◆ Exercise directions
Each line from the one that contains "Some of the words" to the last line of the records below must be restated word for word.

◆ Study material
++++++++

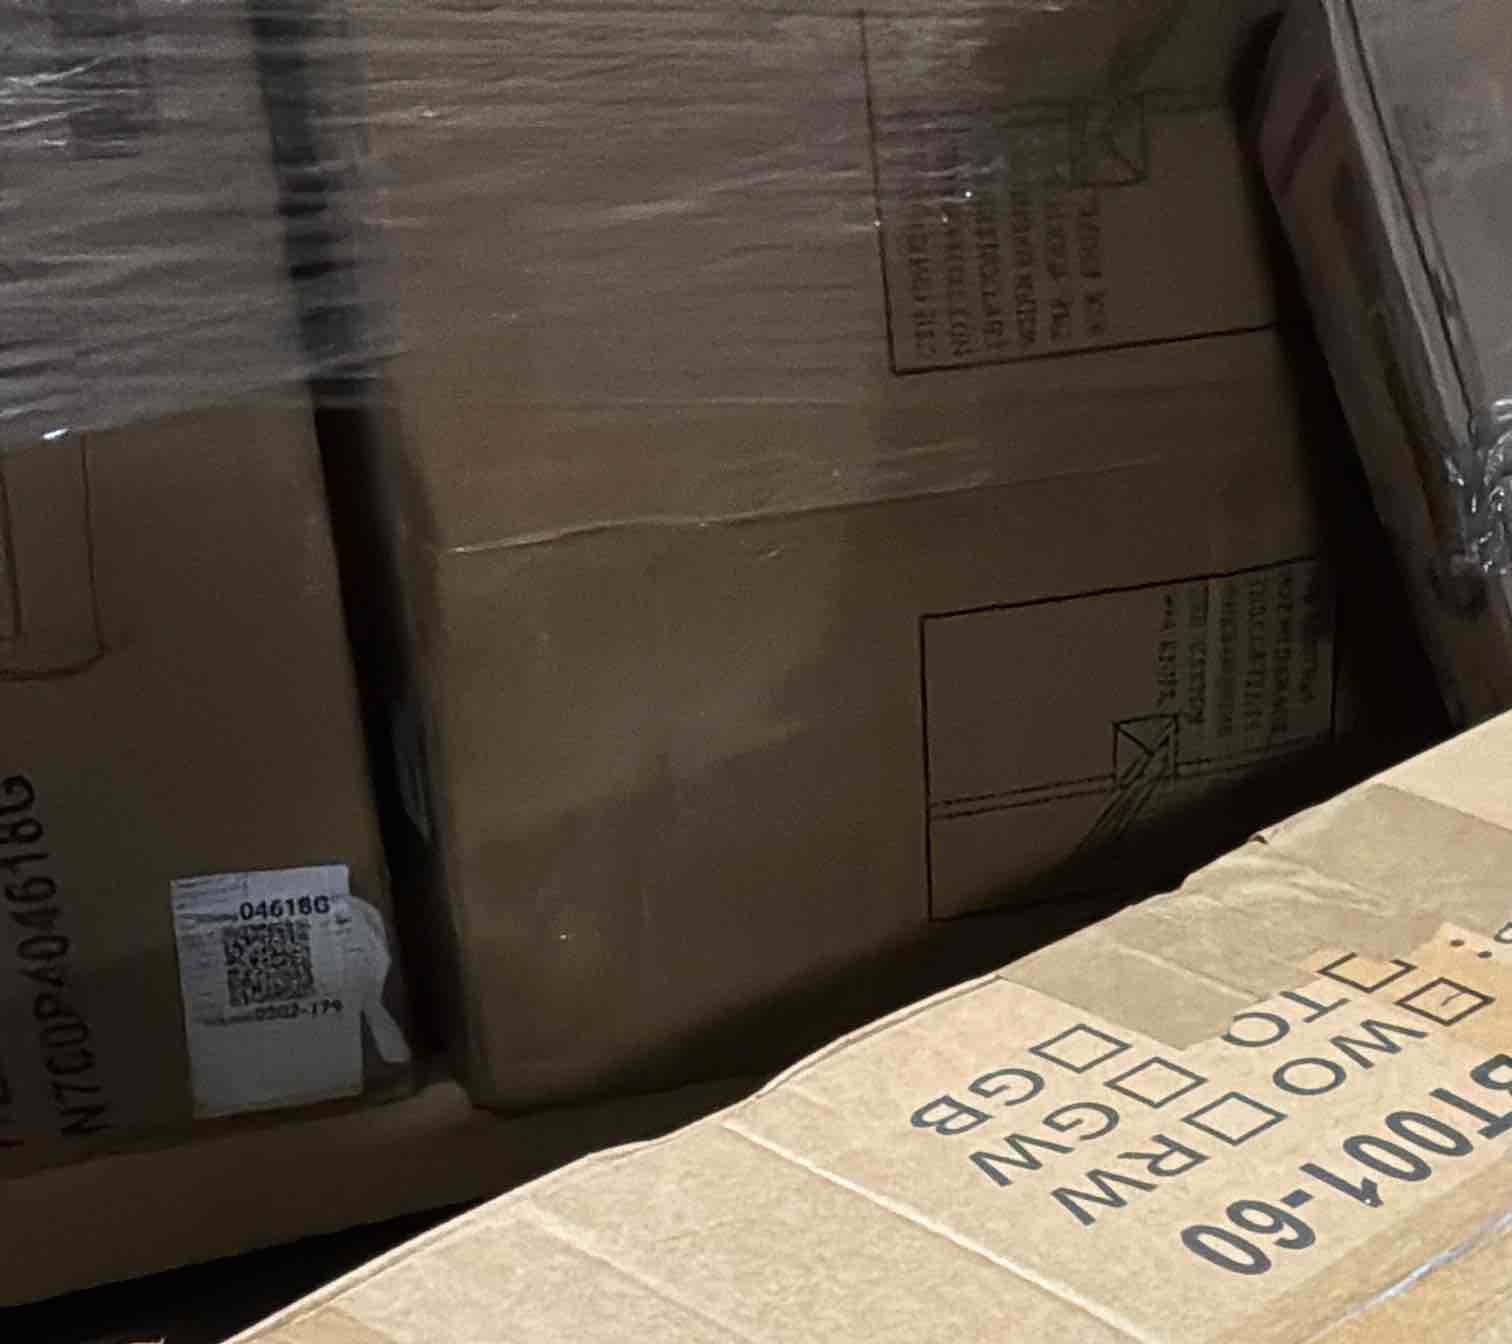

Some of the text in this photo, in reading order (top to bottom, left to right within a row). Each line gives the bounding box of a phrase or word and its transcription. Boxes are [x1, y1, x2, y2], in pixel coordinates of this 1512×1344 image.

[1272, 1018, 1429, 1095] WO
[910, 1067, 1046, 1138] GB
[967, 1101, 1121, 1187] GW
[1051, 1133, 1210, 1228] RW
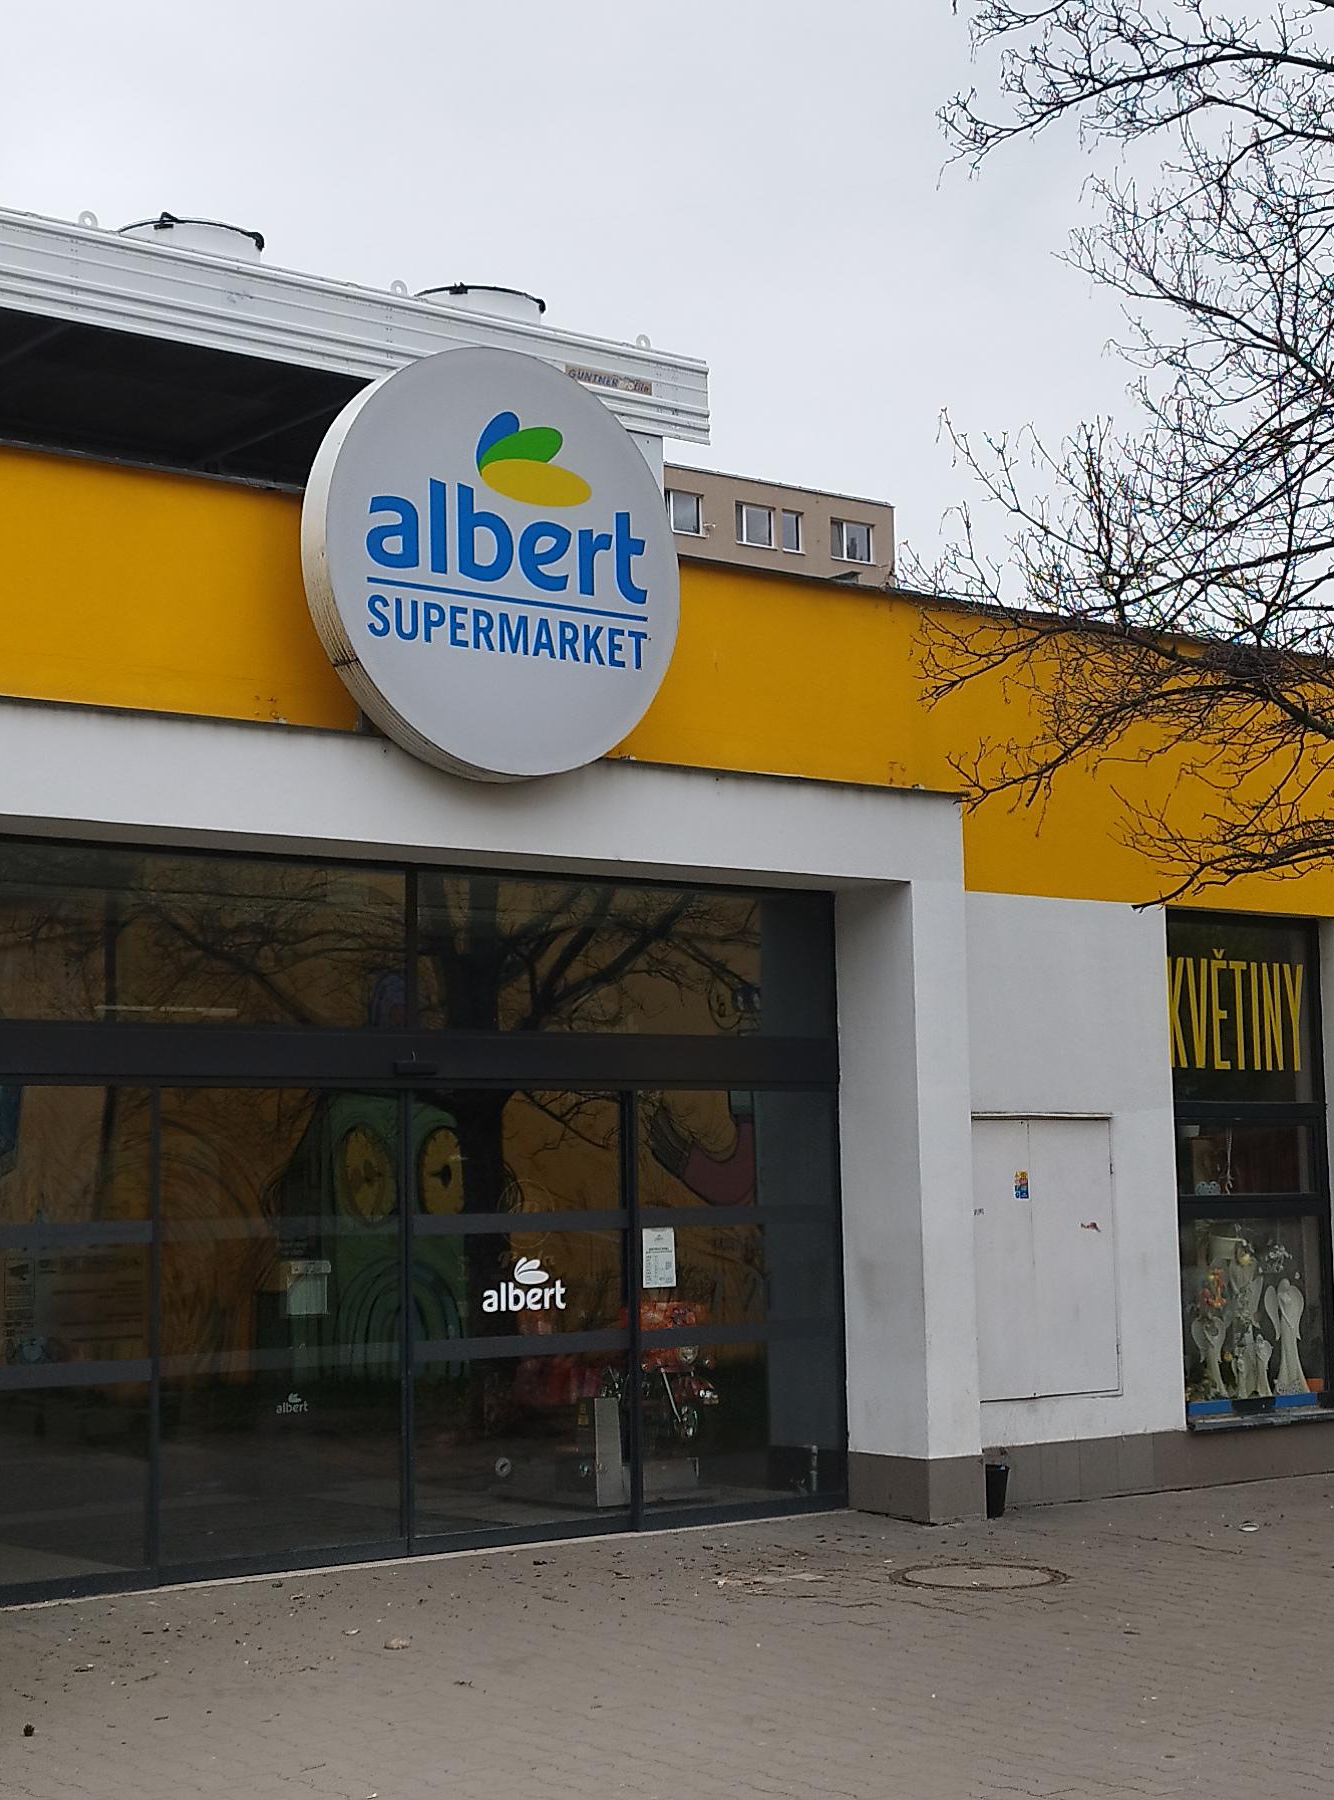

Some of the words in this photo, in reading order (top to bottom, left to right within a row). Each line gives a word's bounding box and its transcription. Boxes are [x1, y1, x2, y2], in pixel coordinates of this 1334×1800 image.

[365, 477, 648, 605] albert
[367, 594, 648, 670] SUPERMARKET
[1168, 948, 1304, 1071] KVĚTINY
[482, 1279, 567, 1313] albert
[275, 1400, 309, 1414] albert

++++++++

◆ Response area
Some of the words in this photo, in reading order (top to bottom, left to right within a row). Each line gives a word's bounding box and its transcription. Boxes are [x1, y1, x2, y2], in pixel coordinates of this 1334×1800 image.

[365, 477, 648, 605] albert
[367, 594, 648, 670] SUPERMARKET
[1168, 948, 1304, 1071] KVĚTINY
[482, 1279, 567, 1313] albert
[275, 1400, 309, 1414] albert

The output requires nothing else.